The sedan’s door opened.

A figure stepped out. Tall. Thin. Dressed in black, the collar of his coat turned up against the cold.

Jasper Covington.

He smiled.

“Hello, Ethan. I was hoping you’d come.”

Ethan raised the gun. “Take another step and I put one between your eyes.”

“You won’t. Because if I die, the contract activates. Vivian and the boy belong to the estate. Owen gets full custody. And you know what he does to things that belong to him.”

Ethan’s finger tightened on the trigger.

Jasper’s smile widened. “That’s what I thought.”

He raised his hand, made a gesture. Two more figures emerged from the shadows, flanking him.

Ethan had four rounds left.

He calculated the odds.

They were not good.

He made it back to the tree line, bleeding from a graze on his arm, dragging a man he’d taken down with the butt of his pistol. He found Vivian and Milo exactly where he’d left them, pressed against the dumpster, their breath fogging in the cold air.

“We have to move,” he said. “Now.”

They ran.

The forest swallowed them, the branches tearing at their clothes, the roots clawing at their feet. Milo stumbled, and Ethan scooped him up, carrying him through the dark.Visit Loerva.

Behind them, the drones hummed.

Above them, the sky began to lighten.

And ahead, somewhere in the gray dawn, was a line on a map that meant safety.

If they could reach it.

They found a second motel at dawn.
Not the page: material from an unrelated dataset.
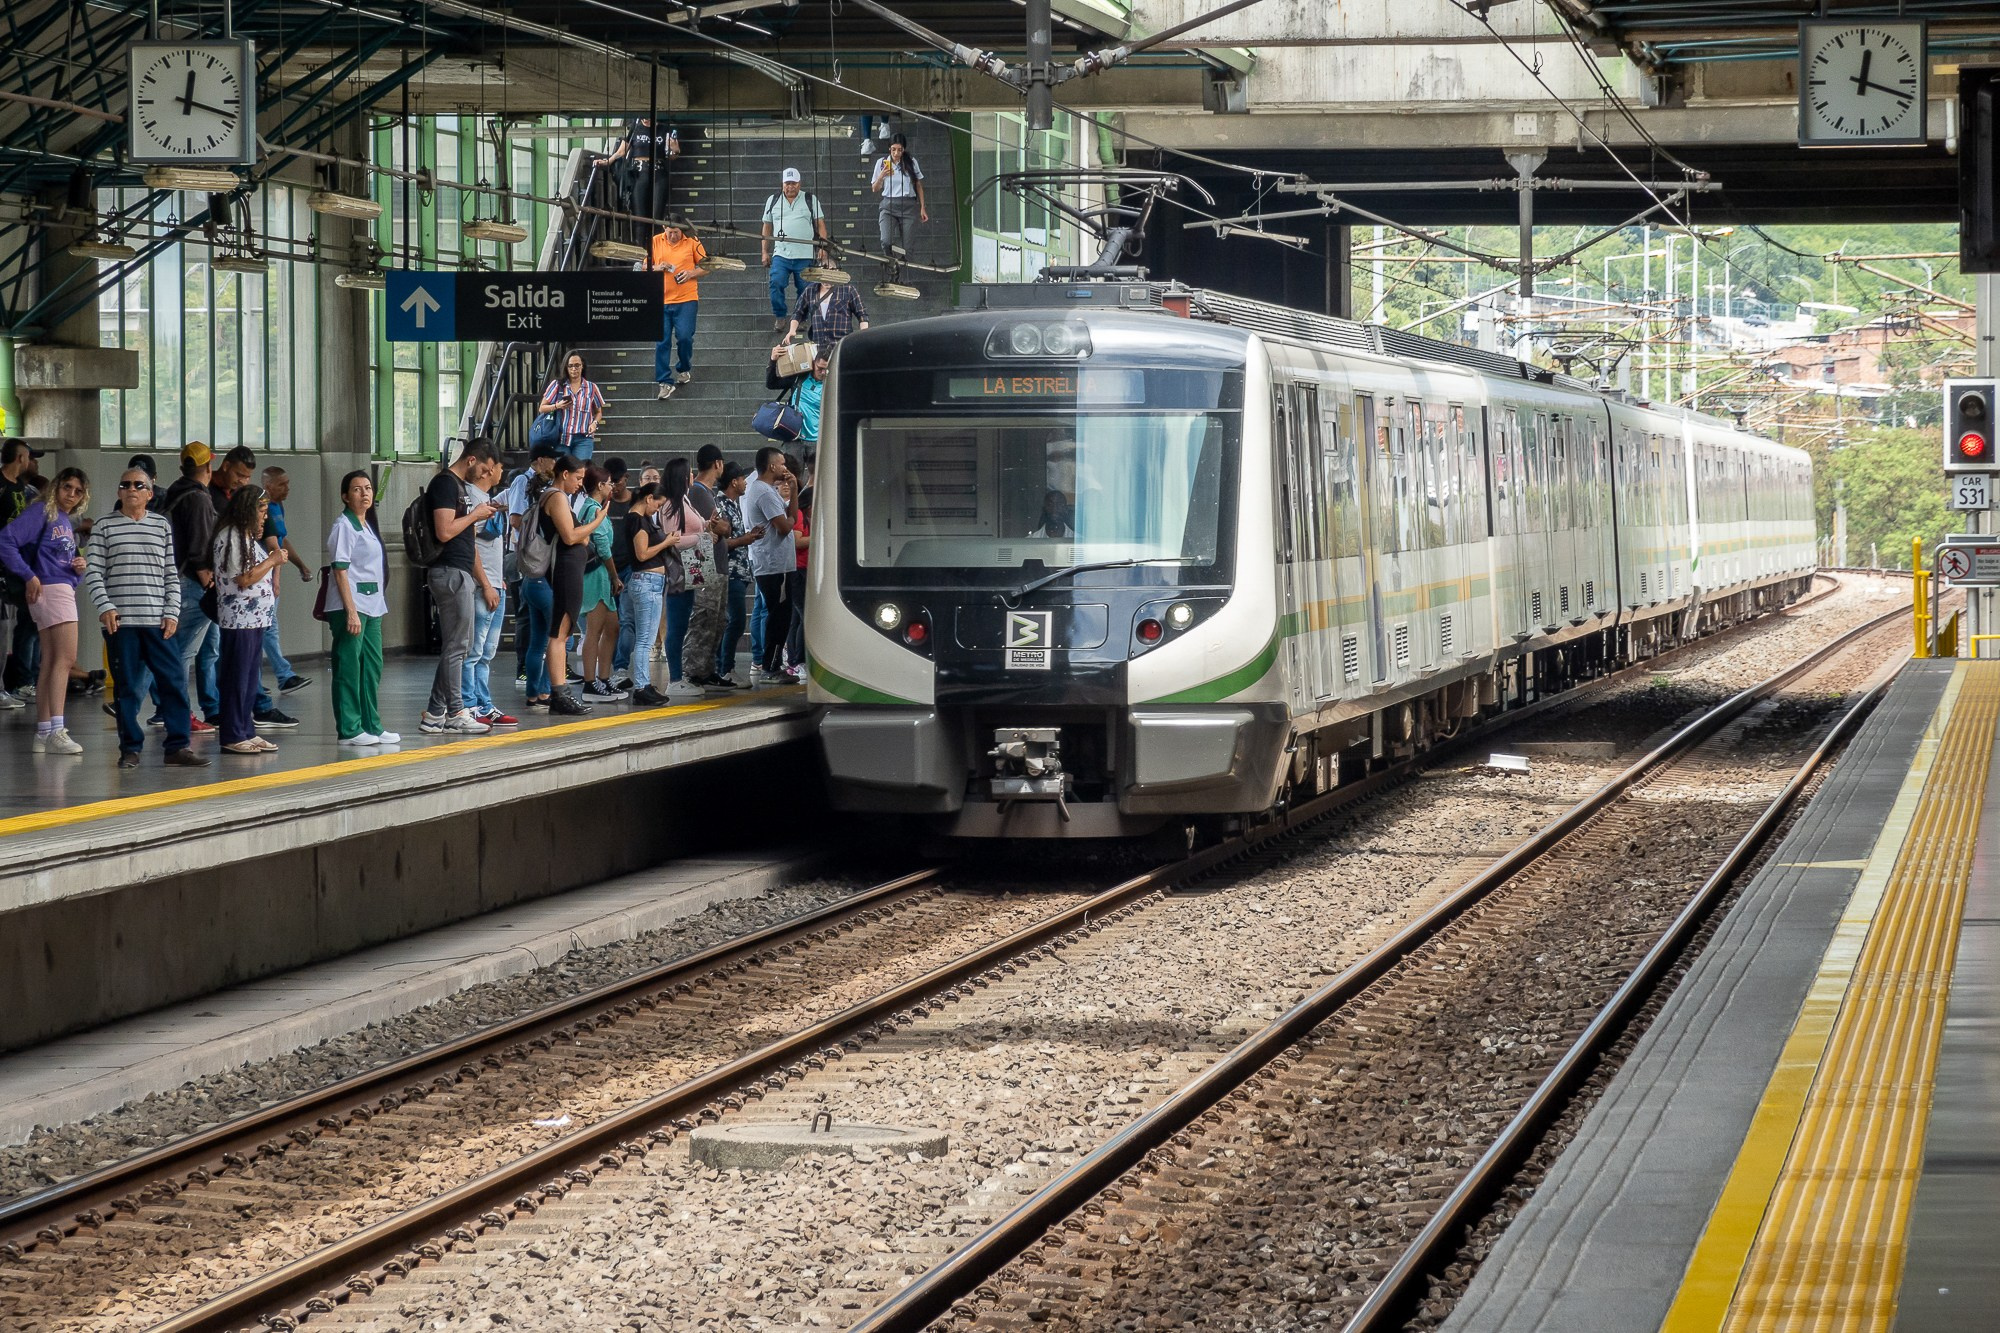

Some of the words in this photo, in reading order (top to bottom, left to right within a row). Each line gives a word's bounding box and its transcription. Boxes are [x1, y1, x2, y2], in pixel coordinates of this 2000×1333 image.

A run-down place with a flickering sign and a clerk who didn’t ask for ID. Ethan paid cash, took the key, and carried Milo inside.

The boy was shaking. His skin was cold.

Vivian wrapped him in blankets, held him until the shivering stopped.

Ethan stood by the door, watching the parking lot.

“They’ll find us again,” she said.

“I know.”

“How long do we have?”

He didn’t answer.

The room was quiet. The heater rattled. Milo’s breathing evened out, slow and deep.

Ethan checked his phone. The tracking alert was still active—someone had pinged the safe house’s location ten minutes ago.

He looked at Vivian.

She looked at him.

And then the footsteps stopped outside the door.

Ethan shoves Vivian to the floor as glass shatters. “They found us. That’s Jasper’s kill squad.”